Comment: Re:Not exactly, but yes (Score 1) 127

by SydShamino (#47678001) Attached to: T-Mobile Smartphones Outlast Competitors' Identical Models

Your Verizon iPhone (A1429) supports LTE bands 1, 3, 5, 13, and 25. It does not support AWS.

T-Mobile uses LTE bands 2, 4, and 12.

So when I get LTE on T-Mobile, as I am at this moment, it's magic, since the phone doesn't support any T-Mobile LTE band?

The facts speak against you. Sorry.

Comment: Re:"Does adding commentary give rights" (Score 4, Informative) 226

Speaking for U.S. law, you understand copyright wrong. The fair use doctrine allows for use of copyrighted works for the purpose of "criticism, comment, news reporting, teaching, scholarship, and research".

Part of the criteria for determining if use of a copyrighted work is fair use includes the "amount and substantiality of the portion used in relation to the copyrighted work as a whole", so, for example, if I were to post a Vine video of a goal, along with commentary like "Manchester United played a great game today, with three goals including this exciting one by Bob Smith", then I am (your pick) commenting, critiquing, or reporting on the entire hour and a half game, while posting a five second clip of that game.
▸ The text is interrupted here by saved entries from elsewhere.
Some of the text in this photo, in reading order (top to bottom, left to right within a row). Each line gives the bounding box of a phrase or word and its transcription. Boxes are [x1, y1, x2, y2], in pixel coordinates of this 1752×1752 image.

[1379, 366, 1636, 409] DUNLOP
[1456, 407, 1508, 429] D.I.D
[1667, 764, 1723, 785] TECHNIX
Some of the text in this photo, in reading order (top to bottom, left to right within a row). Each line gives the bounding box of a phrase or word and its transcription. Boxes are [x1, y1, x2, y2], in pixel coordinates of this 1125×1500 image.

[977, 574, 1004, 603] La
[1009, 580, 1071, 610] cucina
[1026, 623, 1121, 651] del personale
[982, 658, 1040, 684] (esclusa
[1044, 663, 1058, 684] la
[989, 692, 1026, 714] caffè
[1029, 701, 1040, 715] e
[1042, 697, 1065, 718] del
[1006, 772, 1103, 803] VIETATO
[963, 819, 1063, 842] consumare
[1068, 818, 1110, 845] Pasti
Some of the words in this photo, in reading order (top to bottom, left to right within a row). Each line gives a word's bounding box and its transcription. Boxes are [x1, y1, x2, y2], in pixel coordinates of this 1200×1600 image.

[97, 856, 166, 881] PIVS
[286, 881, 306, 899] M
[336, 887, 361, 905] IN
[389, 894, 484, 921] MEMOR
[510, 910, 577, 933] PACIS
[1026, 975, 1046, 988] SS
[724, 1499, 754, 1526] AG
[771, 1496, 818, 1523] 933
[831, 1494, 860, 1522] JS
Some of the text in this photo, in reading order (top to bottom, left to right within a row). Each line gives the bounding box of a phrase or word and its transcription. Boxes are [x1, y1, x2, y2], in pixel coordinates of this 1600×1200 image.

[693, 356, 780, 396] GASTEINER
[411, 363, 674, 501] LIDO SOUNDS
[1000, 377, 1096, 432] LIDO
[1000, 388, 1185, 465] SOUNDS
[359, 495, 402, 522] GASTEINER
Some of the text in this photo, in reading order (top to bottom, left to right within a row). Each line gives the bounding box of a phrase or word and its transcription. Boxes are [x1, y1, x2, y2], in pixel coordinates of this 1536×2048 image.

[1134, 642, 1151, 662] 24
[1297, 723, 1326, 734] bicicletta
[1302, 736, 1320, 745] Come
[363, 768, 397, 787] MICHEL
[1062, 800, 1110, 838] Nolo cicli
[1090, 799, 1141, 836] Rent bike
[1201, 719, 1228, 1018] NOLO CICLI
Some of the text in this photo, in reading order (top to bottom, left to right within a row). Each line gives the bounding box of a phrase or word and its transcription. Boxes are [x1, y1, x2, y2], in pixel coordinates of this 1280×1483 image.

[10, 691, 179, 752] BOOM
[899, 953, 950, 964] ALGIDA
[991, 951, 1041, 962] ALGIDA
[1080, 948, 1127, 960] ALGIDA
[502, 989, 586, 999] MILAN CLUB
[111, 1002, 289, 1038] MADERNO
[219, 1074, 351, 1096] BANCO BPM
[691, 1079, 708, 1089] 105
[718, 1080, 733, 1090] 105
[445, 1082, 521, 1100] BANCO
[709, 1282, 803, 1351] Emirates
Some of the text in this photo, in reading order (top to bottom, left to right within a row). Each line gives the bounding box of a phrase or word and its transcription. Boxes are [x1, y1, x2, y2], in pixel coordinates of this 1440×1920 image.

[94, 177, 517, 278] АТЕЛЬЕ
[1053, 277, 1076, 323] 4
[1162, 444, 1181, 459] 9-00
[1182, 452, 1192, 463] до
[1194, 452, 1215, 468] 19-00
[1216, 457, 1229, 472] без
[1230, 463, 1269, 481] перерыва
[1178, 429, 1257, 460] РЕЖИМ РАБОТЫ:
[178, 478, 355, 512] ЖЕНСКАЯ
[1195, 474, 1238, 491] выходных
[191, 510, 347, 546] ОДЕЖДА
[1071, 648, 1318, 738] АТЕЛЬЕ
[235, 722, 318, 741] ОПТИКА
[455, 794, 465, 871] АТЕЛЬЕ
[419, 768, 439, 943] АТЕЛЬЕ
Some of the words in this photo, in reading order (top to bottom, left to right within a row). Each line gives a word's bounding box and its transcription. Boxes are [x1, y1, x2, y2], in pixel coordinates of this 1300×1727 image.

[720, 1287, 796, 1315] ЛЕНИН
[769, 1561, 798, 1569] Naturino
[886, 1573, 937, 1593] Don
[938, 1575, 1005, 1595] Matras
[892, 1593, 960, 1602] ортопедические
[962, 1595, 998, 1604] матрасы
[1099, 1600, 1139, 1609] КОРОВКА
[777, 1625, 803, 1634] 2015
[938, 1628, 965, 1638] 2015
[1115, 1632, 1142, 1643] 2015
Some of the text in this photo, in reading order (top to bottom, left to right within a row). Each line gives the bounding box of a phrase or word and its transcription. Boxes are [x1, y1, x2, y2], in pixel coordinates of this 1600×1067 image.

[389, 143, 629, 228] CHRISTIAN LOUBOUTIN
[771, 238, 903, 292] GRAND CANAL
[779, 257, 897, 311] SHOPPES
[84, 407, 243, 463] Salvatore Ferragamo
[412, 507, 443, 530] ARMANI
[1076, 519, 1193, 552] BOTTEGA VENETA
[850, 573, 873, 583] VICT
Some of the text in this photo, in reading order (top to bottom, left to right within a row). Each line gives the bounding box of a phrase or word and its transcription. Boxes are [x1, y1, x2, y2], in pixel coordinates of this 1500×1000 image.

In the U.S., that is clearly fair use unless the other side's lawyers have more money than you do.

I realize this story is about England, but I'm relatively certain that every Slashdot commenter including the parent is discussing this in terms of U.S. law, so I did as well.

Comment: Re:5.5k for a Marimba? (Score 1) 137

by SydShamino (#47644645) Attached to: Chicago Mayor Praises Google For Buying Kids Microsoft Surfaces

You'd never get that double blind, because a bad flutist wouldn't have the depth of skill to create the detailed intonations possible with the good flute, and the professional flutist would be able to produce almost as good of sound from the cheap flute (but have to work much, much harder to do so).

My wife replaced her ~$2000 high school and college flute with a ~$25k one a few years after college, when we were both well enough off from our day jobs and she became active in the civic orchestra. She received a degree in flute performance with that $2k flute, but as she put it, a lot of her time was spent "fighting the instrument" to make things sound right; with the professional flute she could spend more time on other things like listening to the rest of the orchestra or reading ahead to be a better sightreader.